The following code prints output as 40 instead of 30. I'm not able to figure out the solution. Please help with the code.

class Base {

  int value = 0;

    Base() {
      addValue();
    }

    void addValue() {
      value += 10;
    }

    int getValue() {
      return value;
    }
}

class Derived extends Base {

  Derived() {
    addValue();
  }

  void addValue() {
    value +=  20;
  }
}

public class Test{

  public static void main(String[] args) {
    Base b = new Derived();
    System.out.println(b.getValue());
  }
}

  The implicit super reference in Derived constructor calls Base constructor which in turn calls method addValue() in the class Base results in value variable as 10 and then addValue() in the Derived class should add 20 to value 10. So the final output is 30.

But the code prints 40.

Answer 1

As others have got there before me: addValue is overridden in Derived, as it is an accessible method with the same name and same parameter types. Typically you would add the @Override annotation to the override method. The method in the derived class even though the base class is still under construction.

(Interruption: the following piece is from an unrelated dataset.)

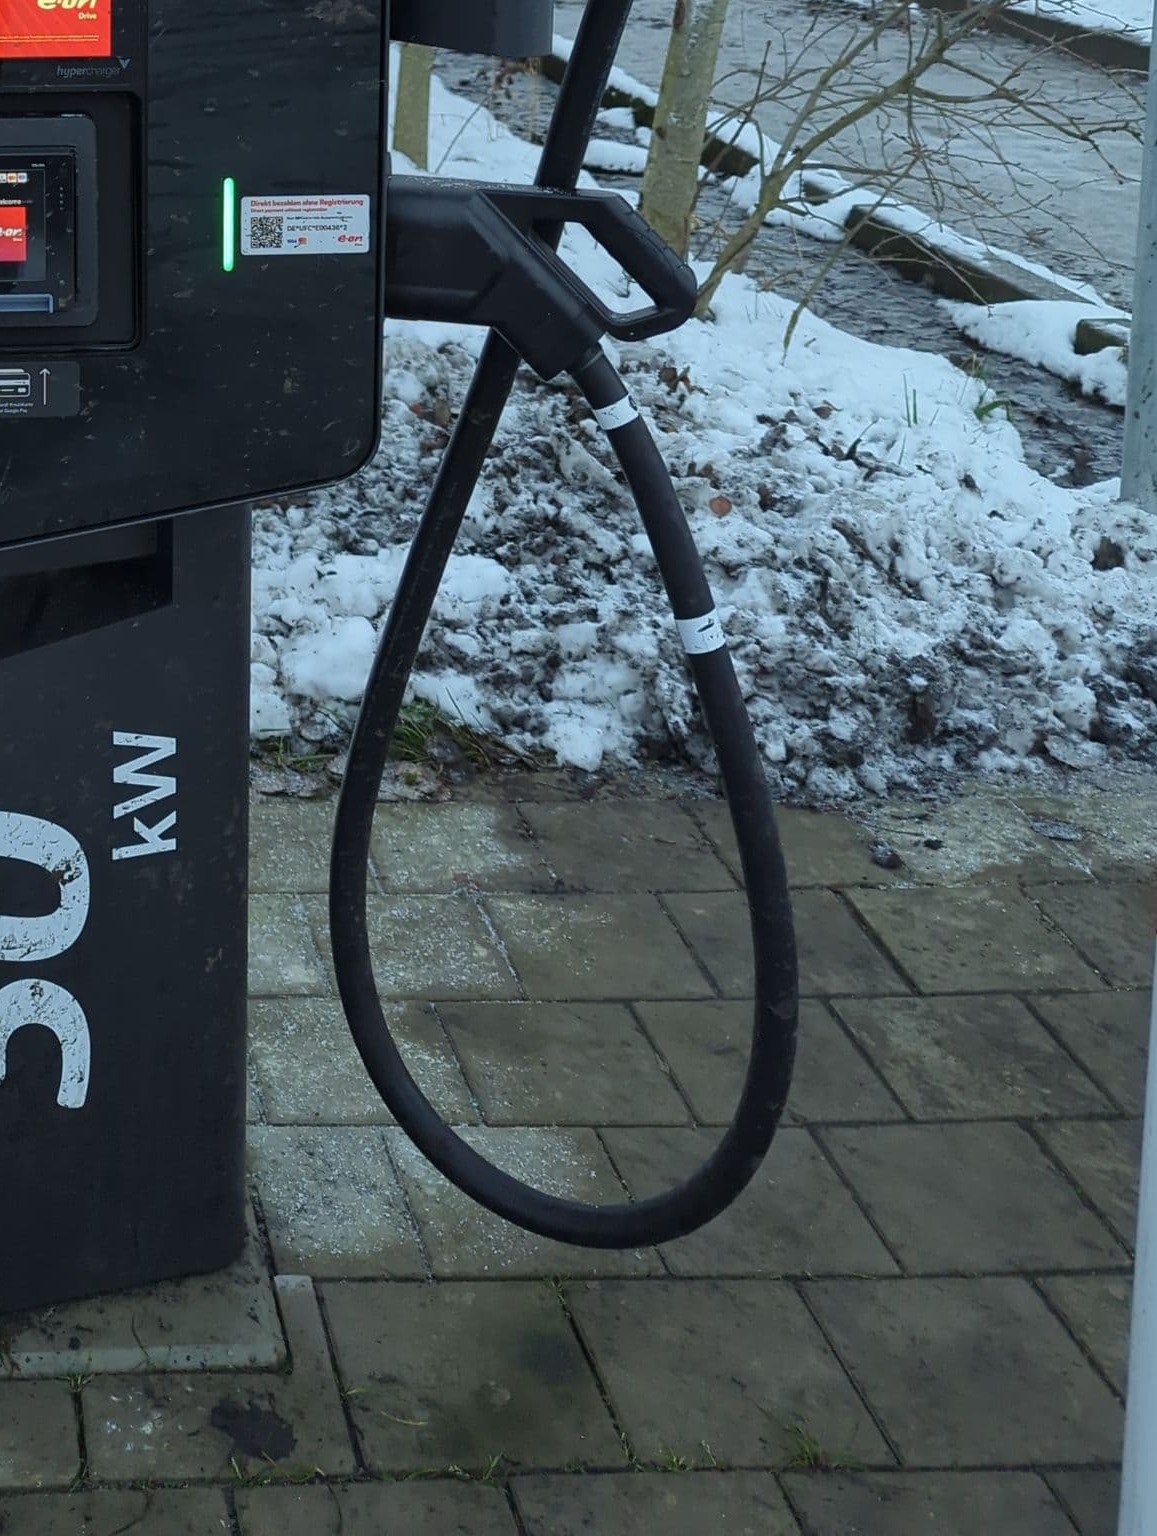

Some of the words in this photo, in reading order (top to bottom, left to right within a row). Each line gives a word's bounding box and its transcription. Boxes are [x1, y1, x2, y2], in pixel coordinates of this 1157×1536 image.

Not all languages do the same thing. C++, for example, will not run overridden methods from derived class whilst the base constructor is still running. The equivalent program in C++ does show 30.

#include <iostream>

class Base {
public:
    int value;

    Base() : value(0) {
      addValue();
    }

    virtual void addValue() {
      value += 10;
    }

    int getValue() {
      return value;
    }
};

class Derived : public Base {
public:
  Derived() {
    addValue();
  }

  virtual void addValue() {
    value +=  20;
  }
};

int main() {
    Base *b = new Derived();
    std::cout << b->getValue() << std::endl;
}

Answer 2

As others discussed earlier Method Overriding property applies to method call in the base class well.

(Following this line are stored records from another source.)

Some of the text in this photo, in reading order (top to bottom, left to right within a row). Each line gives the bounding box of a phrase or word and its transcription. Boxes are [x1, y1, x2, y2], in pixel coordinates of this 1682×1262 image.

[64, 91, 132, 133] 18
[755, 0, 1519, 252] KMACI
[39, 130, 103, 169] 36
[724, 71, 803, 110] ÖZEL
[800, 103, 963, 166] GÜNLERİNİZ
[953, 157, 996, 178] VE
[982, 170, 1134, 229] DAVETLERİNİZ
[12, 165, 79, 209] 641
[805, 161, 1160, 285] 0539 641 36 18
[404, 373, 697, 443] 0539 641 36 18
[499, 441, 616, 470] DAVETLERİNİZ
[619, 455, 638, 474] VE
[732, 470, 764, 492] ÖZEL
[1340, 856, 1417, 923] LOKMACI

By this java applies Run Time Polymorphism i.e., Based on the object that is invoked at run time, the method which is to be executed is decided. For e.g.,

• If super class object is used to invoke the method, then super class method will be executed.
• If sub class object is used to invoke the method, then sub class method will be executed.

If we don't want to override, we can make the parent method as private instead of default private package. Now we will be getting 30 as output. As the method which cannot be inherited then it cannot be overridden

class Base {

    int value = 0;

    Base() {
        addValue();
    }

    private void addValue() {
        value += 10;
    }

    int getValue() {
        return value;
    }
}

class Derived extends Base {

    Derived() {
        addValue();
    }

    void addValue() {
        value +=  20;
    }
}

public class Test{

    public static void main(String[] args) {
        Base b = new Derived();
        System.out.println(b.getValue());
    }
}

Now, the output is 30.

Answer 3

addValue() is override in Derived class and you created a Derived class object. So whenever the addValue() called by this instance. Always methos is called of Derived class. So thats why addValue() of Derived class called twice. Once in the Base class constructor and second in Derived class constructor.

Answer 4

Most probably when you extend the Base class

class Derived extends Base {

  Derived() {

    addValue();

  }

  void addValue() { //here

    value +=  20;

  }

}

you put the method name same in the Base Class and this overrides the default one which is:

   void addValue() {
      value += 10;
    }

So, the output is 40 -> 20 + 20

Answer 5

In class Derived, the method void addValue() points to the method defined in Derived, not in Base

Answer 6

The addValue method is overridden in the Derived class. When a method is overridden, calling a method on an instance of this class always calls the overridden version, even when the call happens in the base class.